━━ Information ━━

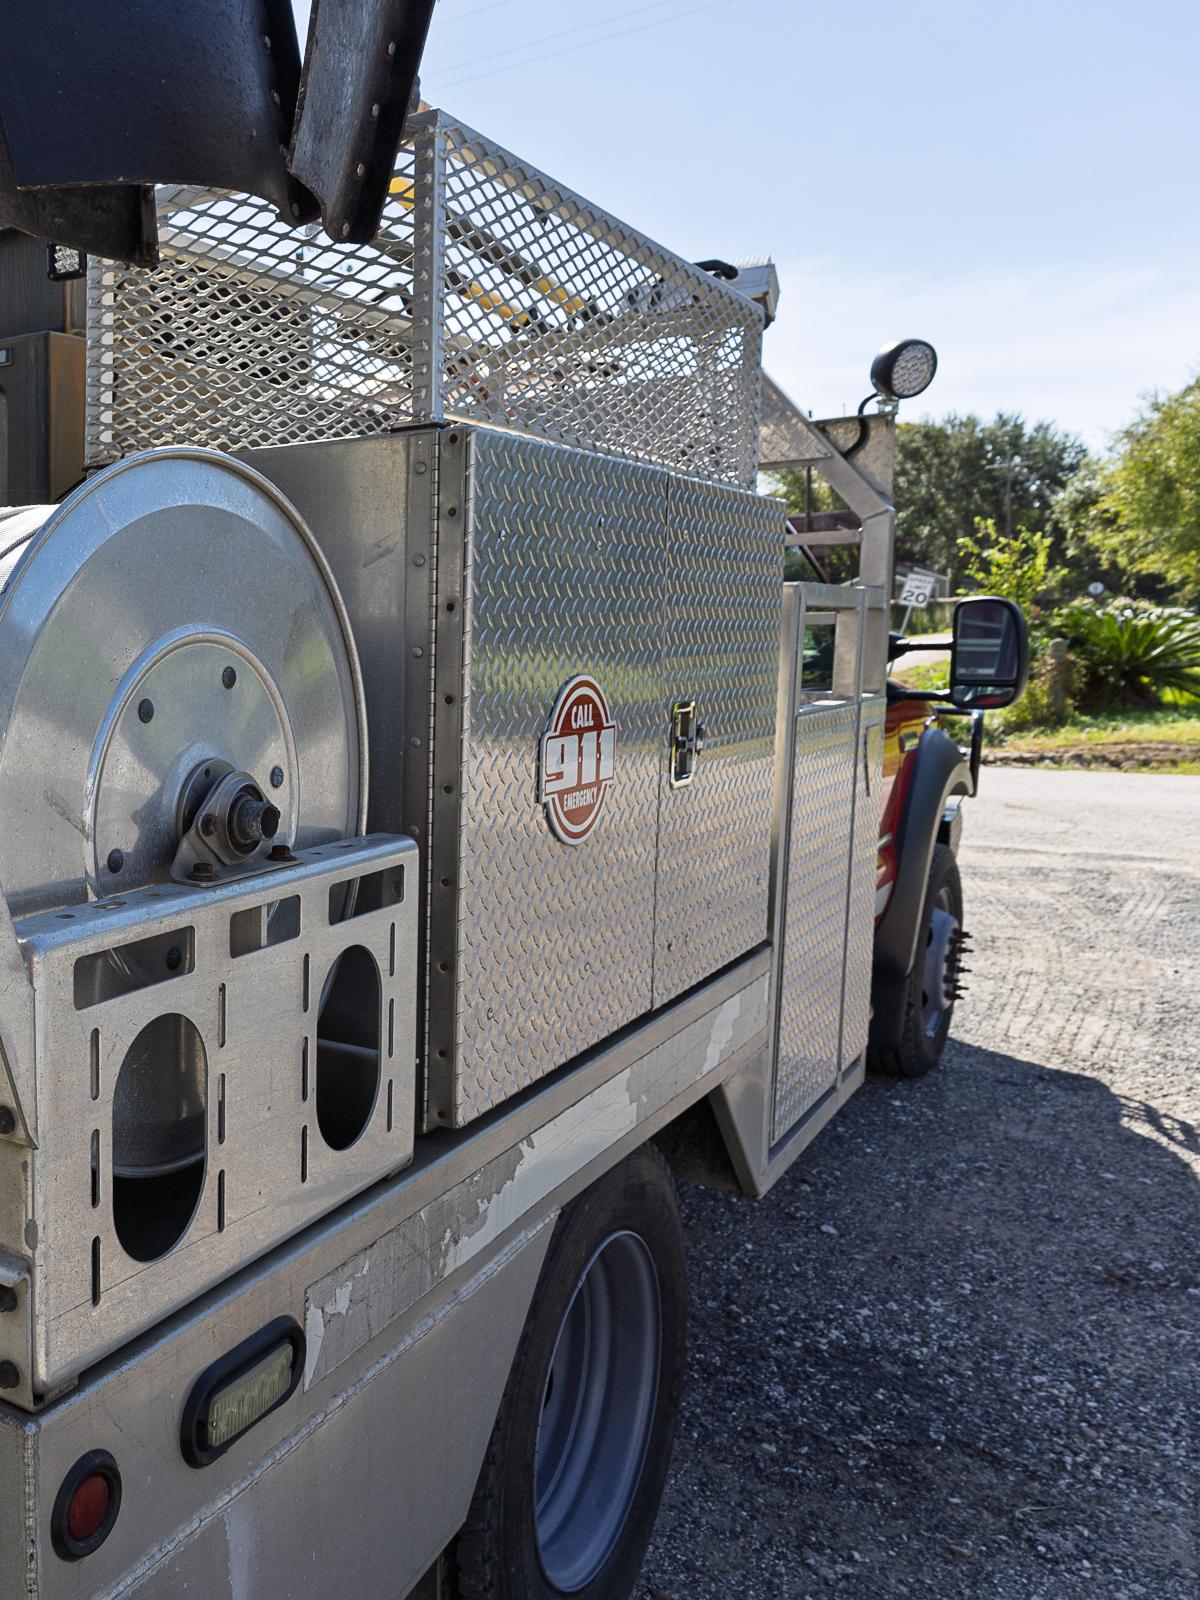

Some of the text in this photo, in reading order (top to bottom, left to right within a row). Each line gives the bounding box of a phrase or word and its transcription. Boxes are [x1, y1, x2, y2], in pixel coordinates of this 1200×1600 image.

[903, 590, 927, 604] 20
[571, 703, 594, 729] CALL
[563, 786, 598, 812] EMERGENCY
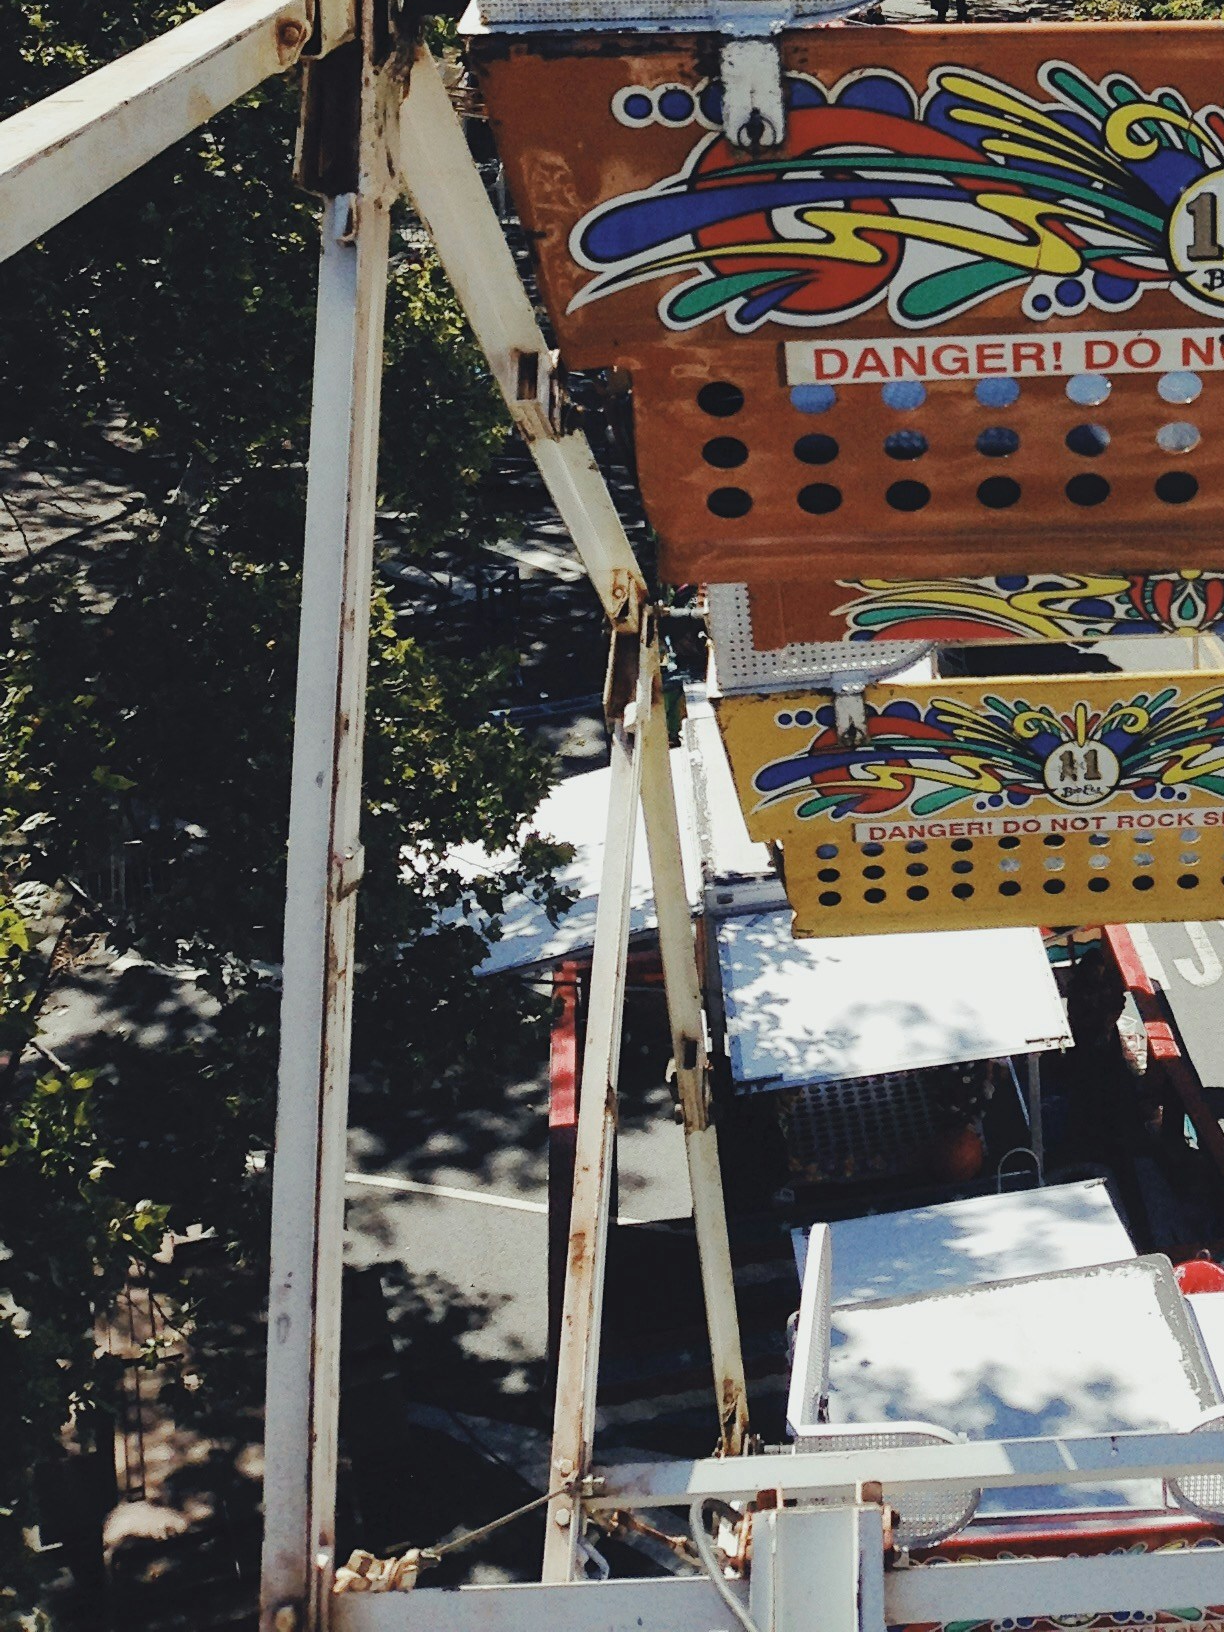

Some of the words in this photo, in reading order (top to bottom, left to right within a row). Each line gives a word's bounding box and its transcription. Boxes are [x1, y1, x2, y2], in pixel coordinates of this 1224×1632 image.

[813, 341, 1063, 381] DANGER!
[1084, 338, 1162, 370] DO
[1059, 748, 1102, 782] 11
[869, 821, 993, 841] DANGER!
[1003, 819, 1041, 834] DO
[1051, 816, 1107, 831] NOT
[1117, 813, 1195, 829] ROCK

━━━

◆ Exercise description: Reproduce the material above in full, images excluded.

◆ Response area:
Some of the text in this photo, in reading order (top to bottom, left to right within a row). Each line gives the bounding box of a phrase or word and its transcription. Boxes are [x1, y1, x2, y2], in pixel coordinates of this 1200×1600 image.

[903, 590, 927, 604] 20
[571, 703, 594, 729] CALL
[563, 786, 598, 812] EMERGENCY

Some of the words in this photo, in reading order (top to bottom, left to right within a row). Each line gives a word's bounding box and its transcription. Boxes are [x1, y1, x2, y2], in pixel coordinates of this 1224×1632 image.

[813, 341, 1063, 381] DANGER!
[1084, 338, 1162, 370] DO
[1059, 748, 1102, 782] 11
[869, 821, 993, 841] DANGER!
[1003, 819, 1041, 834] DO
[1051, 816, 1107, 831] NOT
[1117, 813, 1195, 829] ROCK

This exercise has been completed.